中村 オンライン英会話というのは、フィリピンなどに英語が話せるという知り合いが3人と、プログラムを書ける人間がいれば、あとはスカイプを使うだけなので、始めようと思えば誰でも結構簡単に始められます。でも、講師の質を維持しながら数を増やし、さらに生徒を増やしていくにはノウハウが必要になり、参入のハードルは高くなります。ビジネスモデルの特性を鑑み、講師が一定以上の規模という基準で考えると、近いステージに立つ競合は10社程度と捉えています。
–競合他社に対する御社の強みは何ですか?
中村 やはり優秀な講師を数多く抱えているということです。規模の拡大には会員数を増やすことはもちろんですが、それに応じて講師の数を増やすことが必須です。つまり、講師を増やせなければ生徒は増やせません。

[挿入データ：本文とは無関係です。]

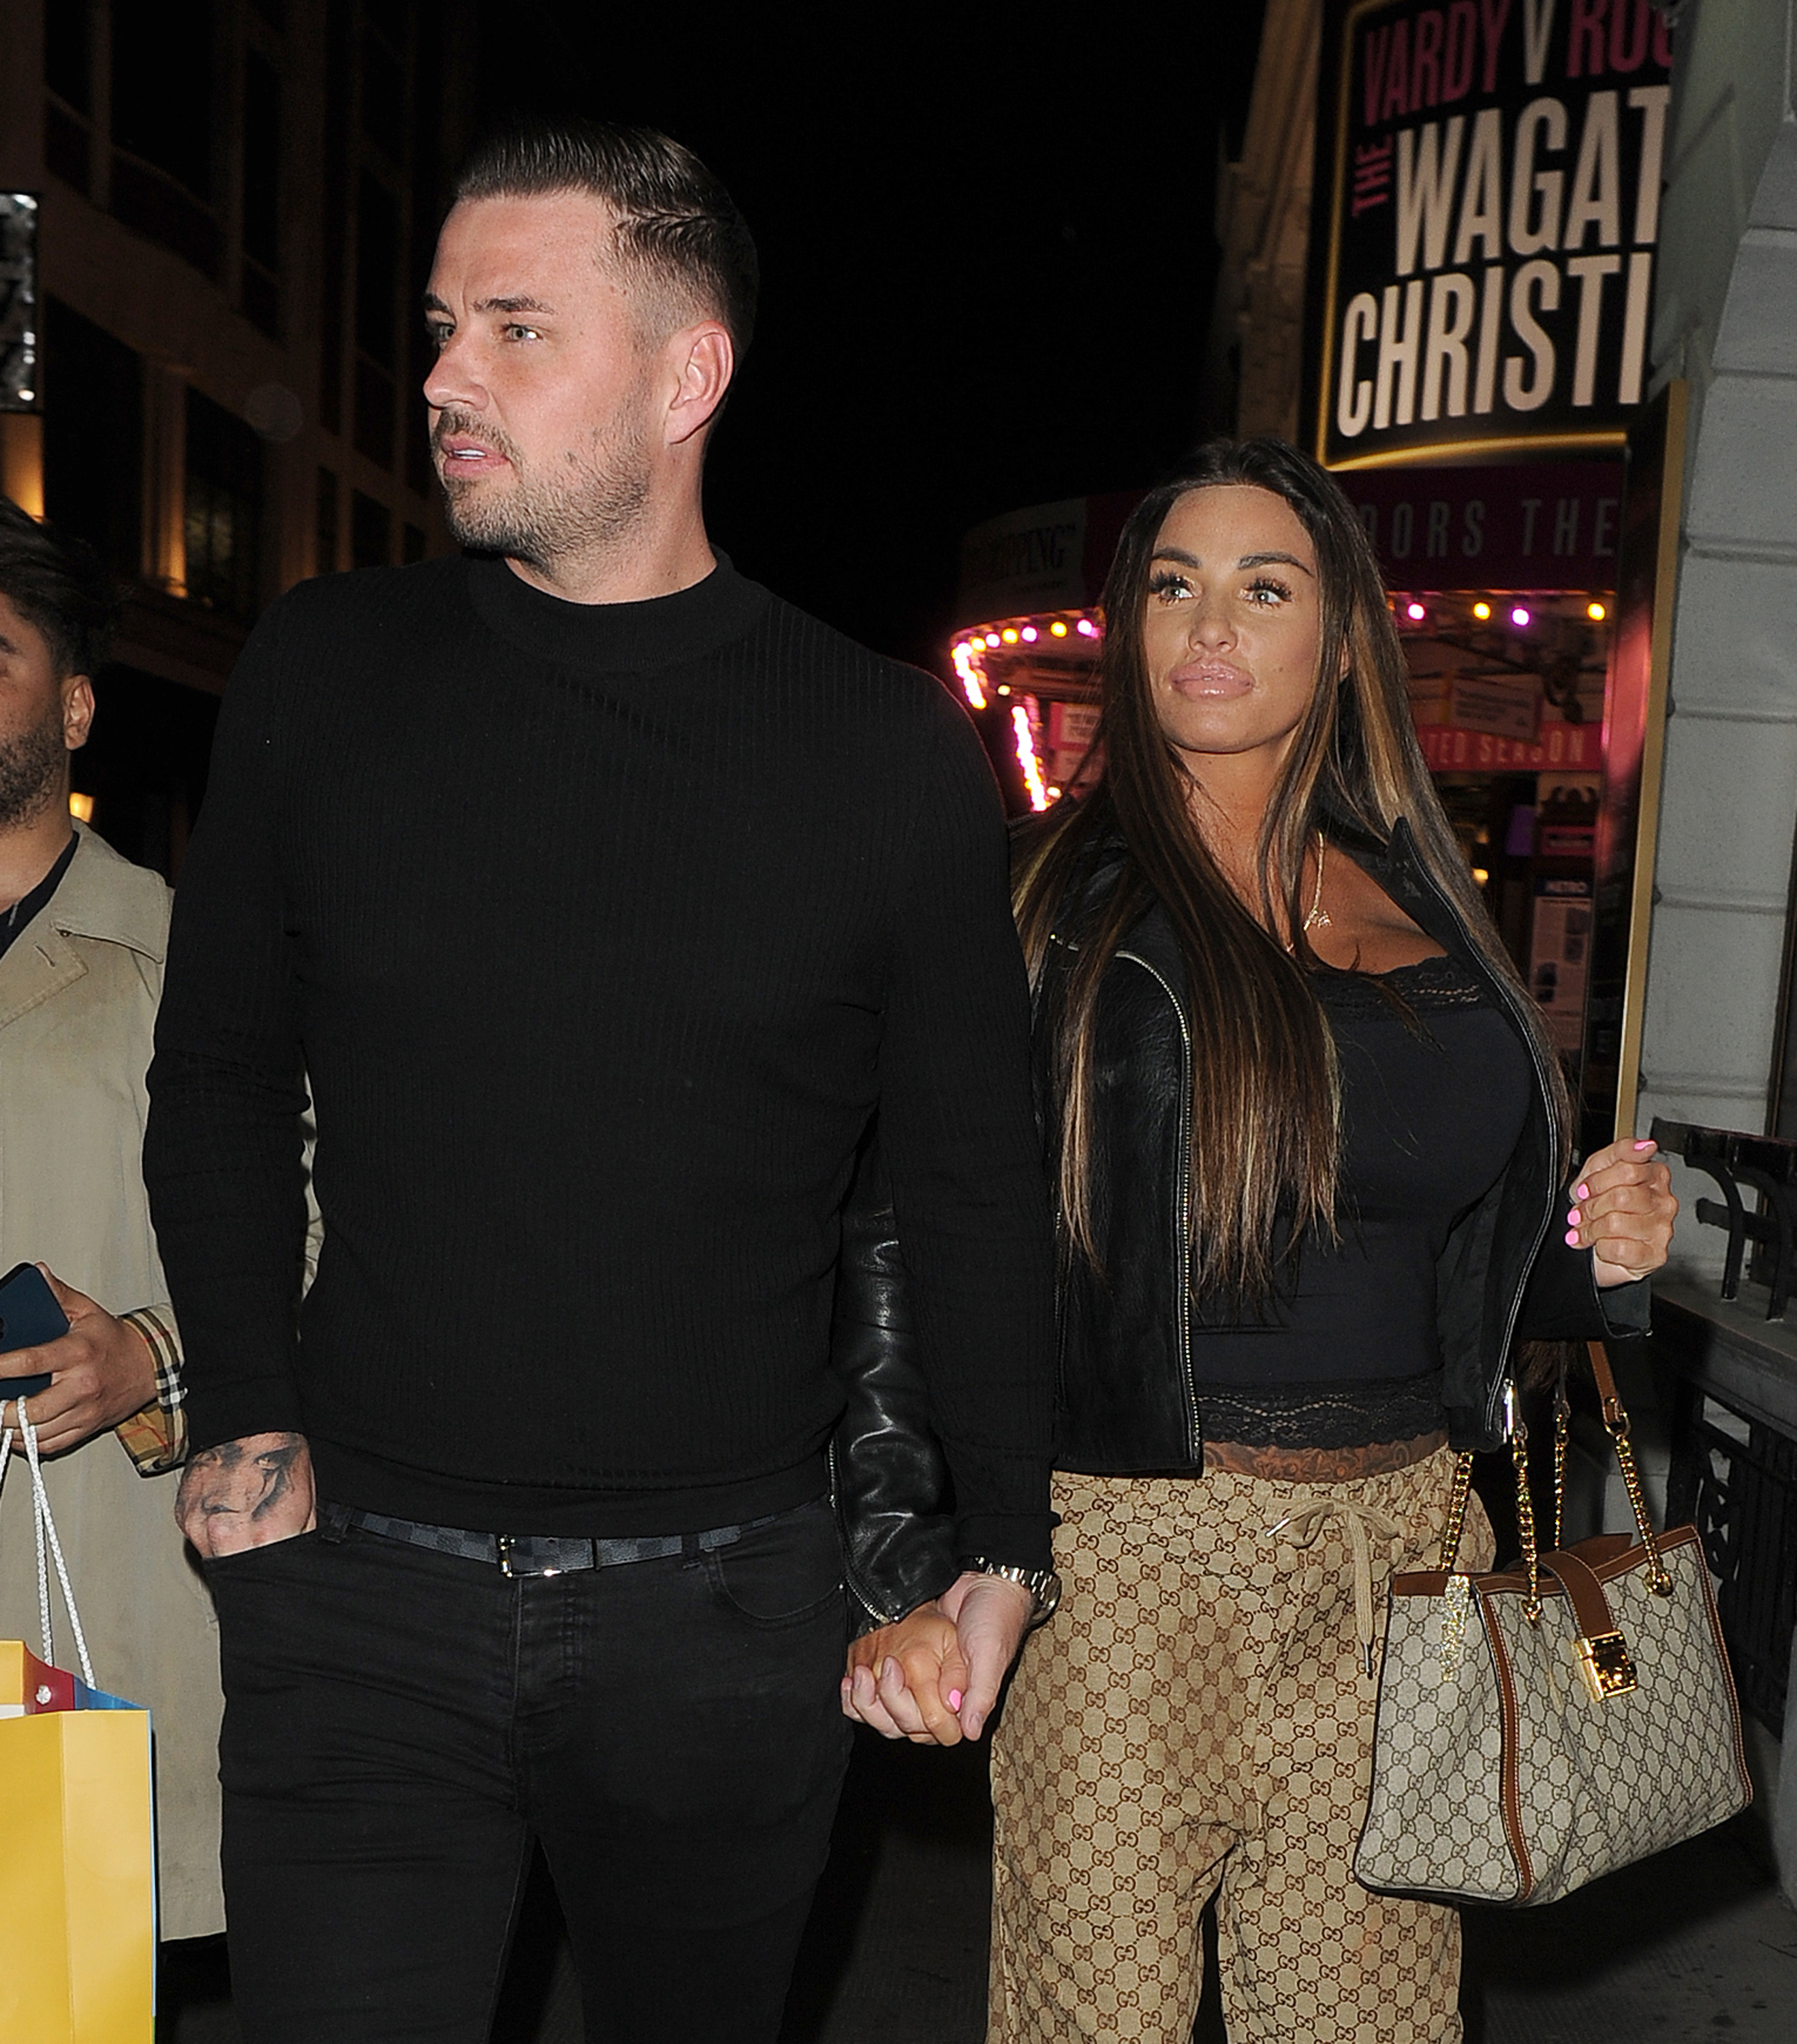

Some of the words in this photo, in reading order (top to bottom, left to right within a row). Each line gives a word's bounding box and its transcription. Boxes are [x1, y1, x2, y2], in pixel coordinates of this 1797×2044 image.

[1363, 0, 1512, 127] VARDY
[1522, 0, 1556, 86] V
[1351, 134, 1393, 219] THE
[1395, 84, 1671, 277] WAGAT
[1337, 251, 1653, 437] CHRISTI
[1520, 497, 1621, 557] THE
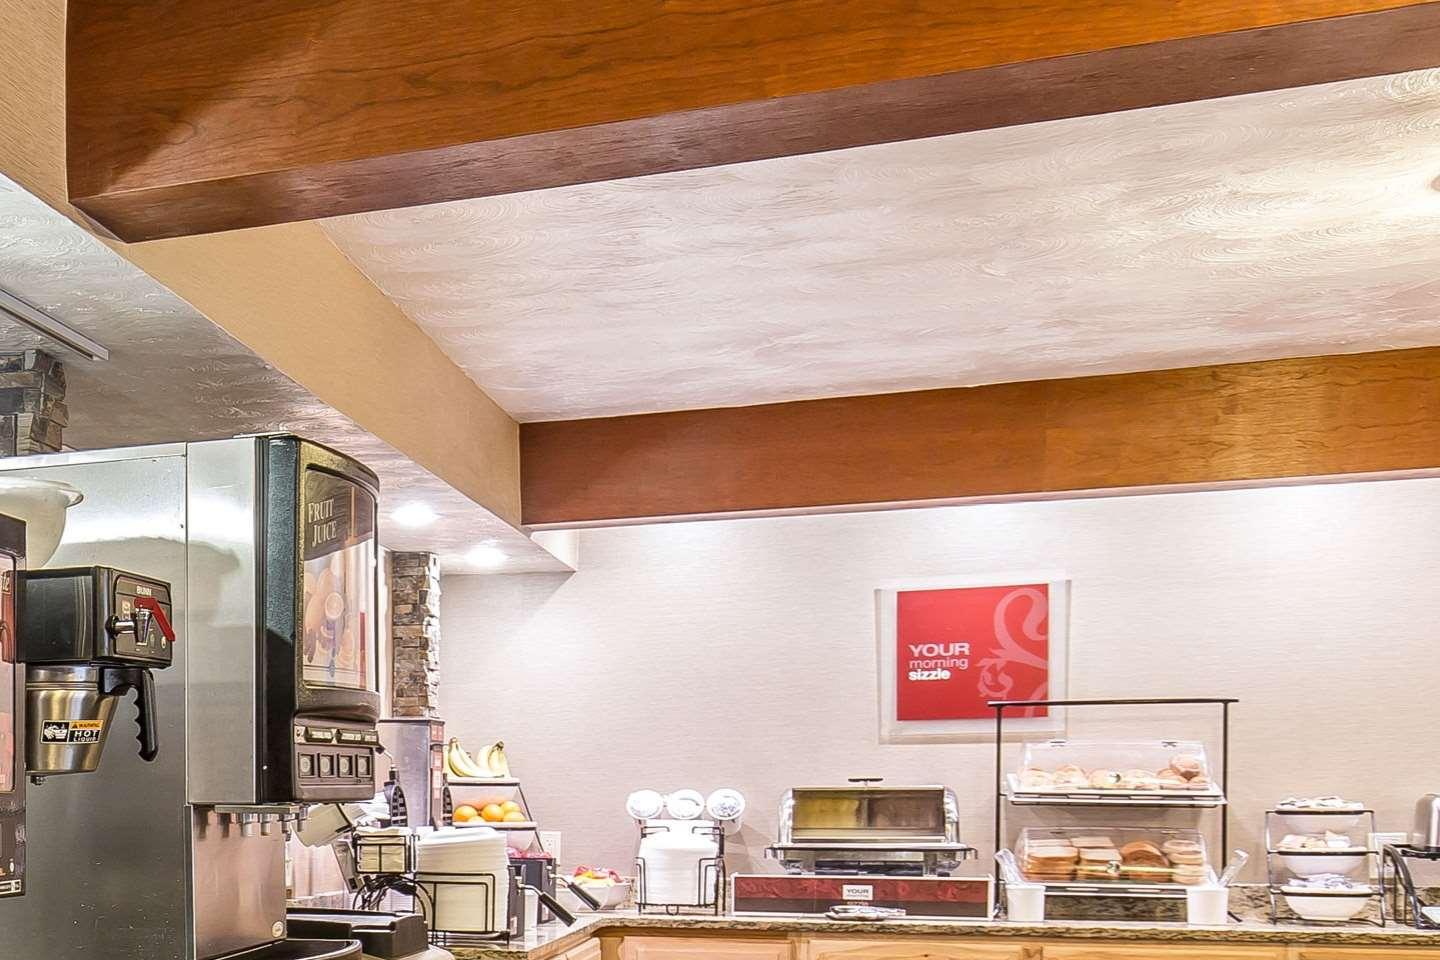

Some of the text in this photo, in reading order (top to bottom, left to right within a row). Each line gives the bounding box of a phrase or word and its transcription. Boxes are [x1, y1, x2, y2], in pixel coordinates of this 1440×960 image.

[308, 498, 335, 523] FRUIT
[312, 520, 337, 548] JUICE
[908, 643, 970, 657] YOUR
[909, 657, 969, 670] morning
[908, 668, 951, 681] sizzle
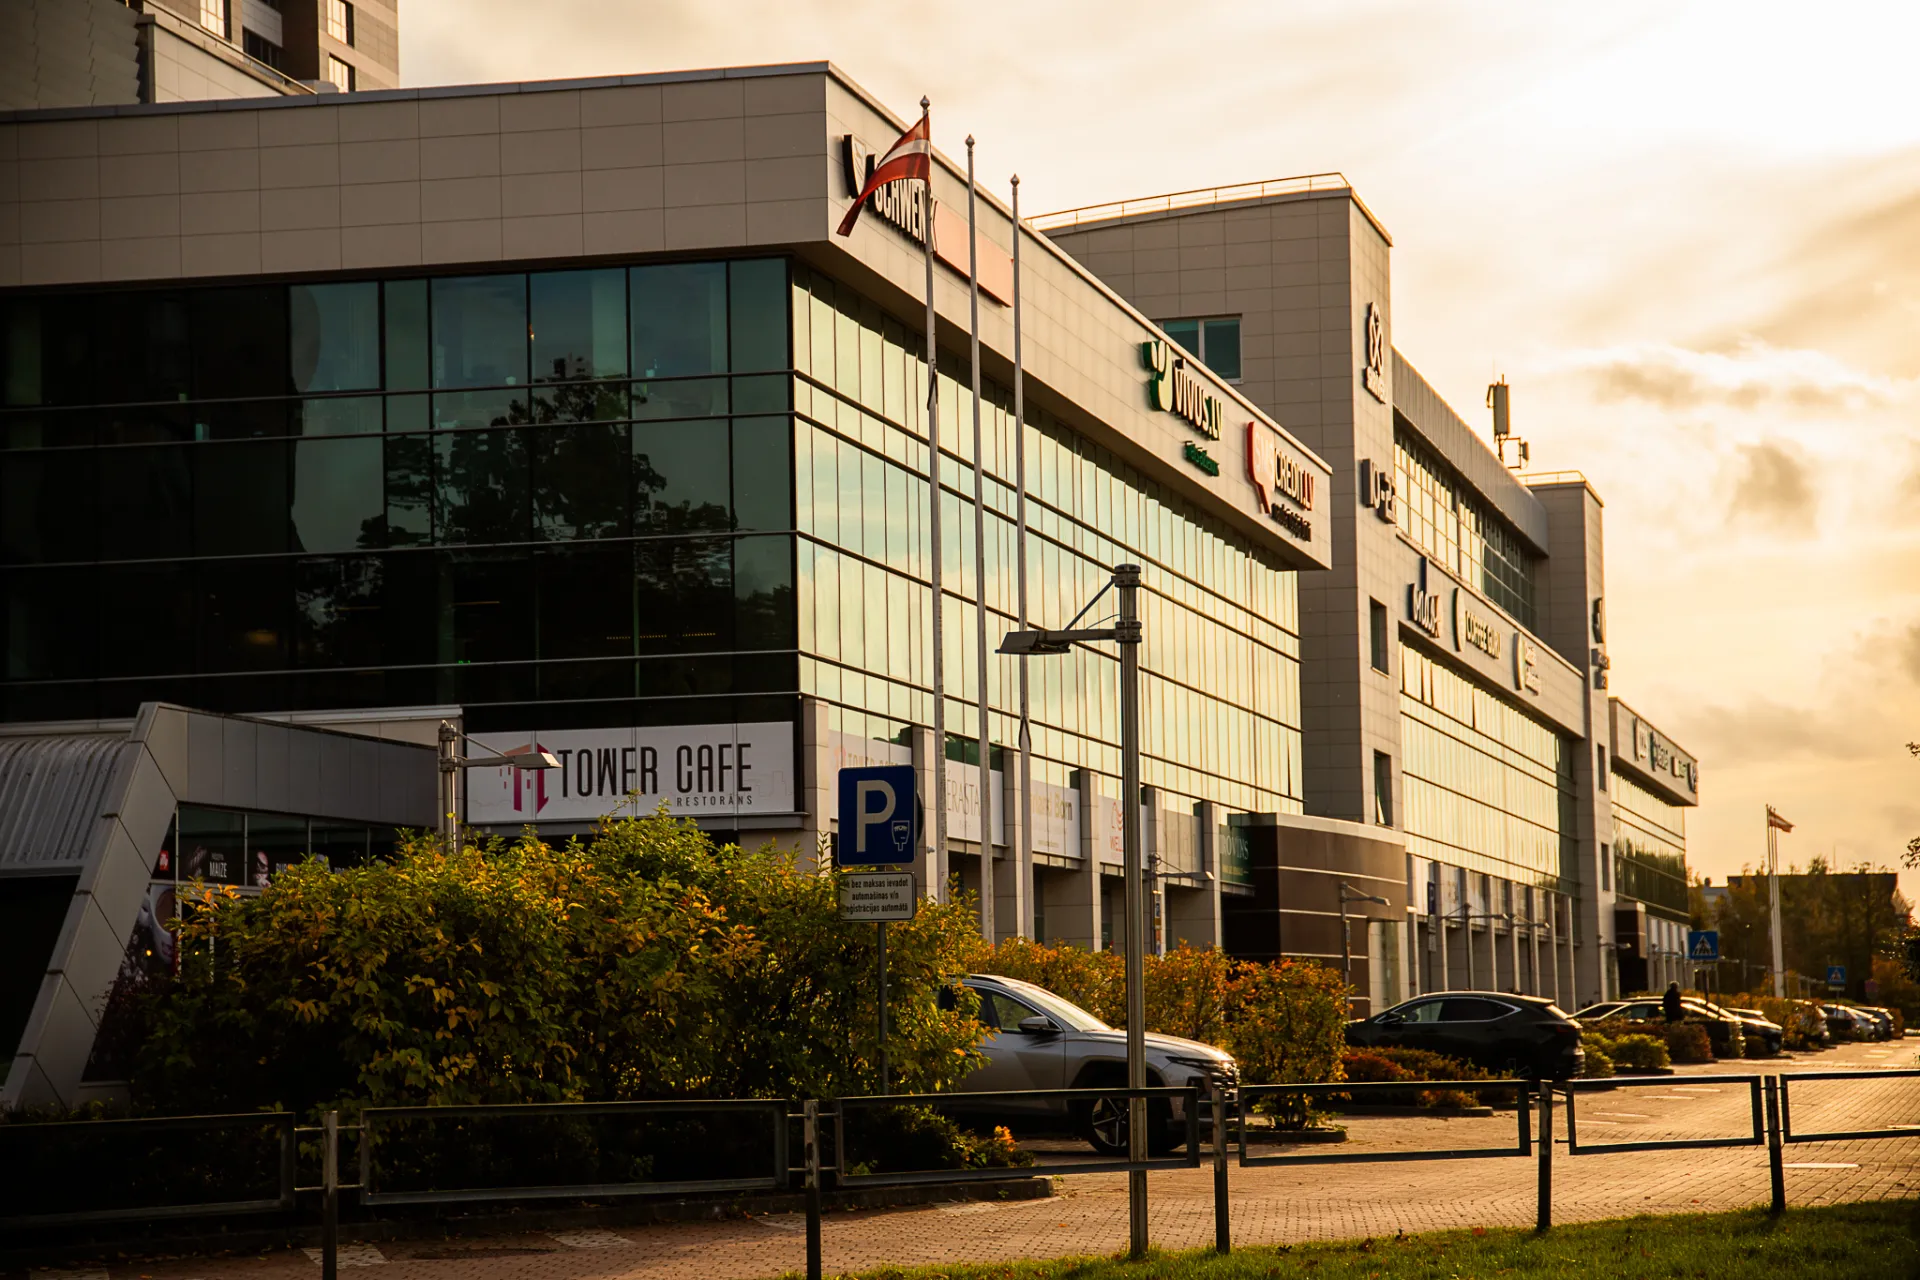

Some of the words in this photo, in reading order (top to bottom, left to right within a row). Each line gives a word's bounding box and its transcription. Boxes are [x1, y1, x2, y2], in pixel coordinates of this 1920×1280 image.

[557, 747, 658, 797] TOWER
[676, 742, 753, 793] CAFE
[676, 793, 753, 807] RESTORĀNS
[856, 779, 897, 853] P
[209, 861, 228, 879] MAIZE
[851, 879, 861, 888] bez

講師は、フィリピン国立大学の在校生や卒業生を中心に採用しています。ただ、その中で講師になれるのは、発音や文法、さらには教える姿勢などの試験やトレーニングをした上で、ある一定の水準に達した人だけです。また、講師となってからもお客様からの評価が悪い場合には再度トレーニングを受けてもらい、最悪の場合には辞めてもらうということもあります。厳しいチェックをしながら、講師の質を常にある一定の水準に維持するように心がけています。
さらに、特定の分野における専門的な英会話レッスンも提供しています。講師には、ITや法律、薬学の有識者、あるいは話のプロフェッショナルであるラジオDJなど、専門知識を持った講師が数多くいます。例えば、IT系、さらに専門特化してプログラム言語・Javaをテーマにした英会話のレッスンを受けることも可能です。また、薬学の知識を持った講師と薬についての専門的な話をすることも可能です。
–どのようにして質の良い講師を集められているのですか?
中村 レアジョブが優秀な講師獲得に成功している最大の理由は、地域を限定せず、フィリピン全土で講師を募集できている点にあります。レアジョブの講師は特定のオフィスに出勤する必要はなく、自宅からサービスを提供することが認められています。生徒だけでなく、講師もどこにいてもいいわけです。これは、採用のターゲットが広範囲にわたるという意味で、質の高い講師を数多く集めるには大きな利点になります。コールセンター型で運営している事業者さんもいらっしゃいますし、コントロールがしやすいというメリットも確かにあります。しかしレアジョブでは、自宅など遠隔でお仕事をしてもらっても十分に講師の管理をできるノウハウを確立した上で、現在のスタイルで運営しています。
全社員のベクトルを合わせる難しさ
–順調に成長を遂げられているようですが、経営の面でご苦労されたのは、どのような面でしょうか?
中村 設立当初は、サービスをいかに安定稼働させるかということに苦労しました。そして、優秀な講師をどのように増やし、生徒数をどのように増やすか。その次には、講師ごとのクオリティーにばらつきが出ないように、どのように維持・管理していくか。サービスの面では、そういうサイクルをいかに円滑に回していくかということです。
–成長するにつれて会社が大きくなると、組織運営の面での苦労も大きくなると思いますが、いかがですか?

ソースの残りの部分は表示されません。